Ânimo foi nome de efémera revista e de blogue. Veículos de cultura, claro. 

Da “revista-contributo para intercâmbio cultural” entre concelhos da região – fundada em 1979, ainda os municípios não dispunham de serviços culturais – só saíram dez edições. O blogue, sob o lema “para tornar os dias mais leves” e com logotipo tomado de empréstimo ao designer italiano Piero Fornasetti, durou até ceder às credenciais tecnológicas do Facebook, no qual Colaço anuncia actividades e deposita testemunhos fotográficos da sua reabilitação, para que outros em idêntica situação acreditem que é possível. 
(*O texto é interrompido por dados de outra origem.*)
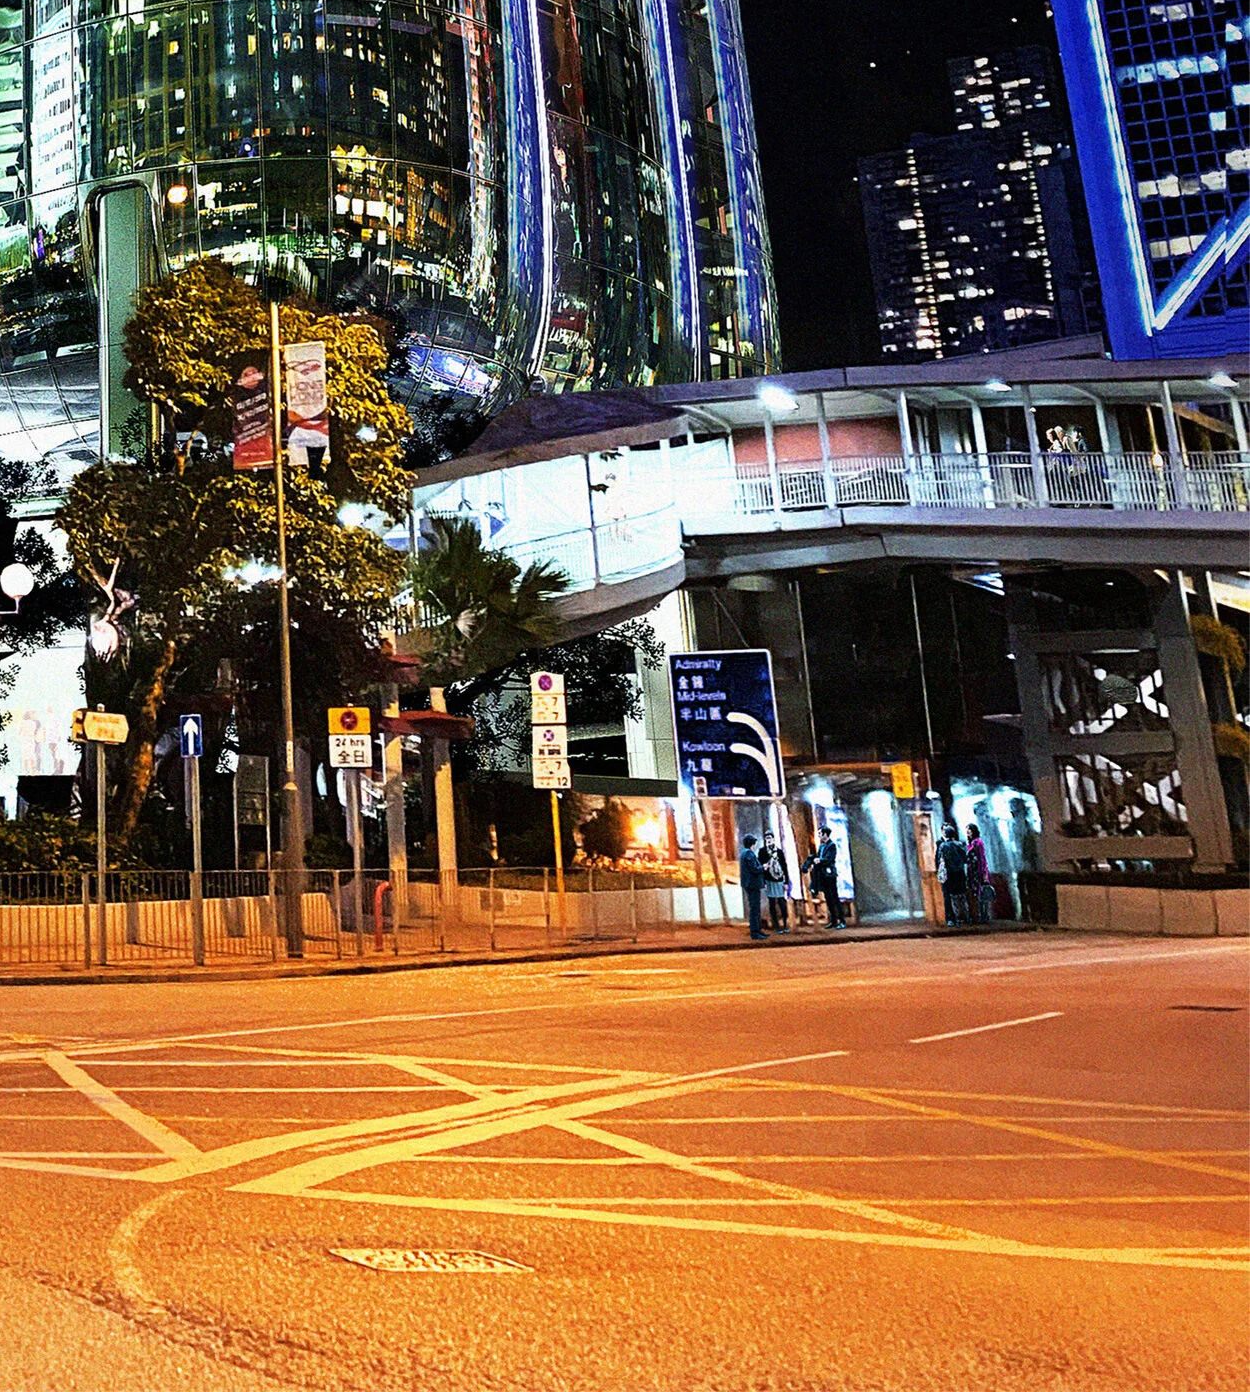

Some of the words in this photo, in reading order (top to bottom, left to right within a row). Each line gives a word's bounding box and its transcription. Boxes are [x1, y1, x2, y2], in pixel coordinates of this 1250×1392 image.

[675, 659, 722, 671] Admiralty
[677, 690, 727, 701] Mid-levels
[335, 738, 347, 747] 24
[350, 737, 365, 747] hrs
[682, 740, 726, 752] Kowloon
[338, 750, 365, 764] 全日
[686, 757, 713, 772] 九龍
[557, 777, 568, 786] 12
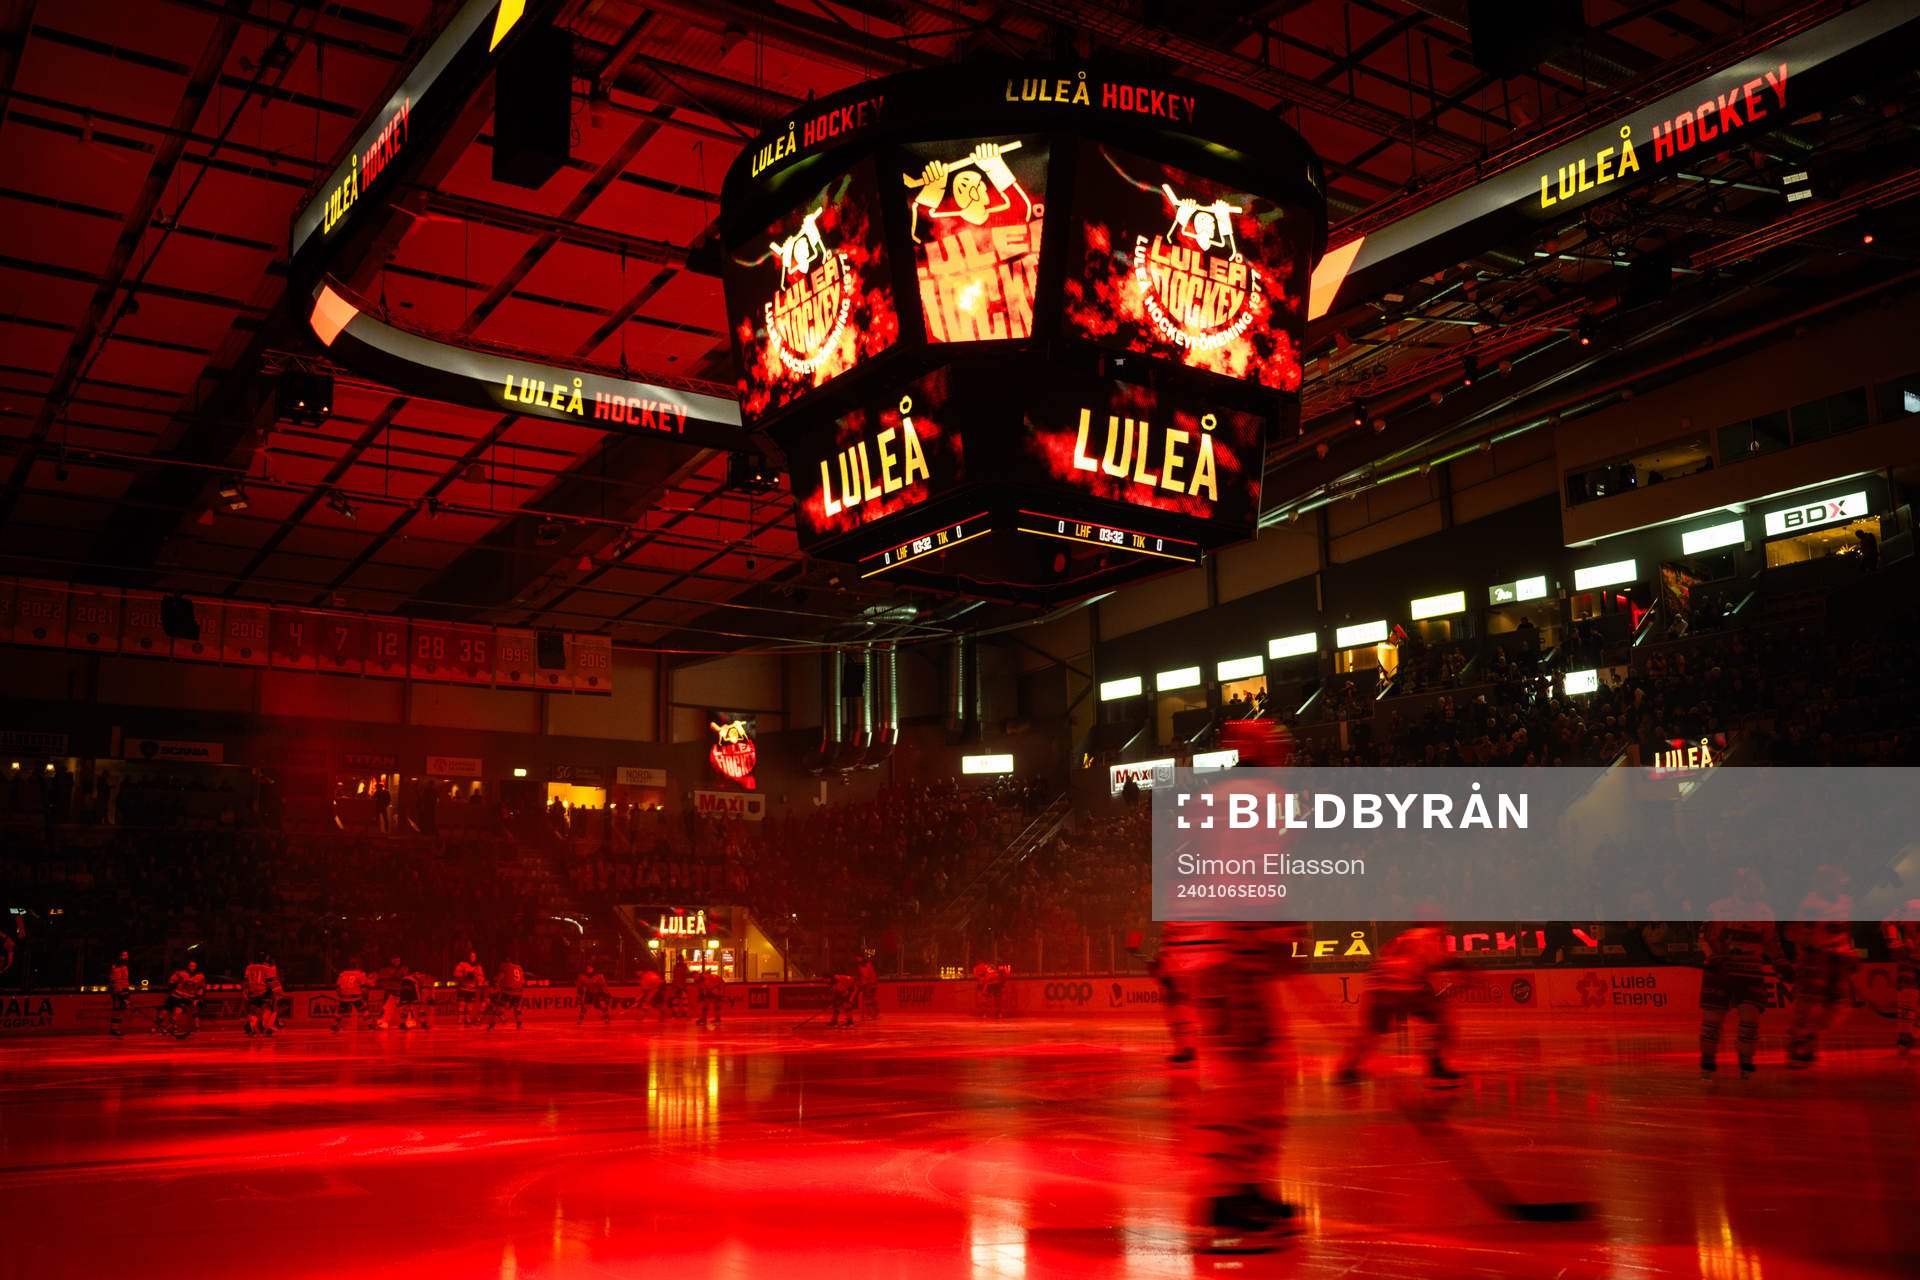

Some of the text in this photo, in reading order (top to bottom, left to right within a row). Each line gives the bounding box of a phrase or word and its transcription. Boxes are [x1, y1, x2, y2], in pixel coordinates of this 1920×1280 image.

[1005, 71, 1196, 124] LULEÅ HOCKEY
[752, 95, 885, 178] LULEÅ HOCKEY
[1541, 63, 1788, 209] LULEÅ HOCKEY
[324, 96, 410, 235] LULEÅ HOCKEY
[1150, 234, 1247, 289] LULEÅ
[773, 249, 840, 317] LULEÅ
[1150, 260, 1245, 329] HOCKEY
[774, 281, 841, 354] HOCKEY
[504, 374, 688, 434] LULEÅ HOCKEY
[820, 395, 930, 518] LULEÅ
[1073, 408, 1218, 502] LULEÅ
[1784, 500, 1847, 528] BDX
[896, 545, 908, 560] LHF
[937, 530, 948, 545] TIK
[1058, 520, 1163, 552] 0 LHF 03:32 TIK 0
[289, 623, 303, 647] 4
[335, 627, 348, 651] 7
[376, 631, 398, 656] 12
[418, 635, 445, 661] 28
[459, 639, 486, 663] 35
[1655, 738, 1713, 773] LULEÅ
[1115, 768, 1154, 784] MAXI
[700, 795, 745, 812] MAXI
[660, 910, 706, 935] LULEÅ
[1045, 982, 1093, 1005] coop
[1611, 974, 1656, 990] Luleå
[1612, 990, 1668, 1009] Energi
De comum, aquelas plataformas têm o empenhamento cívico. Que anos antes, ainda a democracia gatinhava, o levou a apregoar o «sindicalismo agrícola» montado na motorizada “Andorinha”, de 1968, agora no centro do ateliê – caligrafada, é claro! 

Ou que motiva a colocação de peças ao serviço de causas, como a que no 80.º aniversário de Abrantes serviu de rastilho à aquisição de um laser óptico para o hospital local. Ou que o impeliu a dar dignidade artística a objectos destruídos pelos incêndios de 2017, expostos em Mação, que viu arder 80 por cento do território. 


A primeira obra feita por António Colaço após o AVC (ao centro) só podia chamar-se “Reconstrução”

Aparas de tijolos, peças em ferro, a caneta usada para reaprender a escrever, uma tijela abrantina, uma garrafa: a primeira instalação feita por Colaço após o AVC só podia chamar-se “Reconstrução”. Concebida aos poucos, incorpora as datas marcantes da sua evolução. A 20 de Abril de 2018, voltou a conseguir assinar. Três anos volvidos, fervilha em projectos. Retomados os AAAnimados Almoços, agora descentralizados, está a “Abrir Abrantes”, às segundas-feiras, no Luna Hotel Turismo. É outro formato de debate, que recupera o título do seu programa na rádio Antena Livre, há mais de 30 anos. Prepara-se para expor no Sardoal, no âmbito dos “Encontros de Piano” – propõe-se pintar um piano, que oferecerá à vila. E aguarda um carro de mulas antigo, a submeter a operação semelhante. 

Chama-se a isto ânimo. Para continuar.